Research has previously shown that exposure to metals and a mother’s experience of psychosocial stress during pregnancy can both increase the odds of adverse birth outcomes, including preterm birth. But these studies looked at metals exposure and psychosocial stress independently. In a study recently published in Environment International, PROTECT Project 1 researchers conducted an analysis to see how maternal psychosocial stress modified the impacts of metals exposure on birth outcomes. The results suggest that poor psychosocial status during pregnancy may worsen the negative impacts of metals contamination on birth outcomes.
To measure the psychosocial status of study participants, researchers used the results from four questionnaires administered during pregnancy to assess a mother’s experience of depression, perceived stress, social support, and positive and negative life experiences during pregnancy. Researchers used a K-means clustering method to compile the scores of these four instruments and sort the participants into two clusters, representing “good” and “poor” psychosocial stress during pregnancy.
Metals analysis was completed on blood samples taken during the first and third trimesters. Researchers then looked at the impacts of metals on birth outcomes and compared the results between the “good” and “poor” psychosocial stress clusters. In the “poor” psychosocial stress group, the association between metals contamination and adverse birth outcomes was significantly stronger. “Specifically, women with ‘poor’ psychosocial status had stronger associations between the blood manganese concentration and shorter gestational age and higher risk of preterm birth,” lead author Pahriya Ashrap says. “The association between copper and small for gestational age was also statistically significant only among women having ‘poor’ psychosocial status.”

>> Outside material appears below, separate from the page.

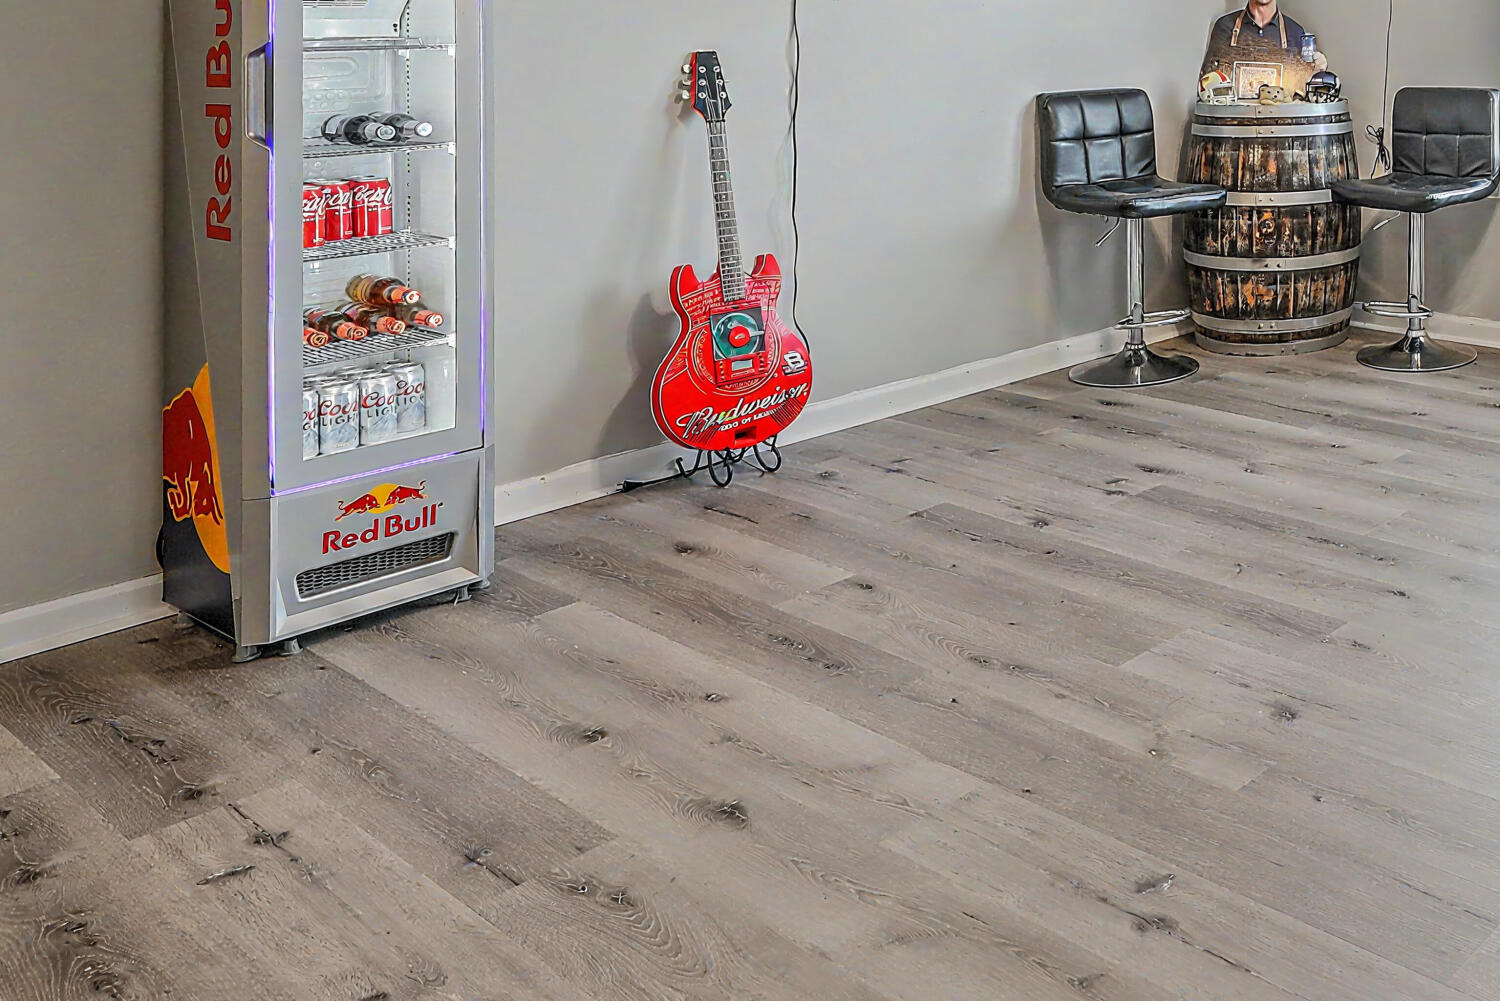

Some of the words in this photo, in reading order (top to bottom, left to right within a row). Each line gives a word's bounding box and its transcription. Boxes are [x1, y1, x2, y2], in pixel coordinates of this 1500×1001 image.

Interventions are needed to help reduce metals contamination, especially during pregnancy. However, these results suggest that interventions targeting a mother’s psychosocial stress may help decrease some of those risks.
These findings also highlight the importance of interventions after major weather or environmental events that can lead to both increased exposure to harmful chemicals and to maternal stress, as Hurricane Maria did when it made landfall in Puerto Rico in 2017. “Environmental contamination conditions exacerbated by the flooding and the destruction of buildings doubled with the elevated levels of stress…created an especially vulnerable state for pregnant women,” Ashrap says. “Ultimately, the identification of modifiable psychosocial factors may lead to interventions during pregnancy to reduce the harmful effects of chemicals on birth outcomes.”